WORK REQUEST - Each line of the data has to be transcribed exactly.

═════ LISTED ENTRIES ═════

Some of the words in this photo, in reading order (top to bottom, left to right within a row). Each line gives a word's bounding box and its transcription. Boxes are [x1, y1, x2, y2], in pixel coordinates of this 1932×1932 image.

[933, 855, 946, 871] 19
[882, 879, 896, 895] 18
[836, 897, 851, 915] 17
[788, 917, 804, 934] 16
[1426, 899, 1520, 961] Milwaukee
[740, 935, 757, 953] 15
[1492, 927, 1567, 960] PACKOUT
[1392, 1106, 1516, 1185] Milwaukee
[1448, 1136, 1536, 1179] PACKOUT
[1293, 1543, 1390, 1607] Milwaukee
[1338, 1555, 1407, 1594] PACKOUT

═════

EXERCISE RESPONSE -
Some of the words in this photo, in reading order (top to bottom, left to right within a row). Each line gives a word's bounding box and its transcription. Boxes are [x1, y1, x2, y2], in pixel coordinates of this 1932×1932 image.

[933, 855, 946, 871] 19
[882, 879, 896, 895] 18
[836, 897, 851, 915] 17
[788, 917, 804, 934] 16
[1426, 899, 1520, 961] Milwaukee
[740, 935, 757, 953] 15
[1492, 927, 1567, 960] PACKOUT
[1392, 1106, 1516, 1185] Milwaukee
[1448, 1136, 1536, 1179] PACKOUT
[1293, 1543, 1390, 1607] Milwaukee
[1338, 1555, 1407, 1594] PACKOUT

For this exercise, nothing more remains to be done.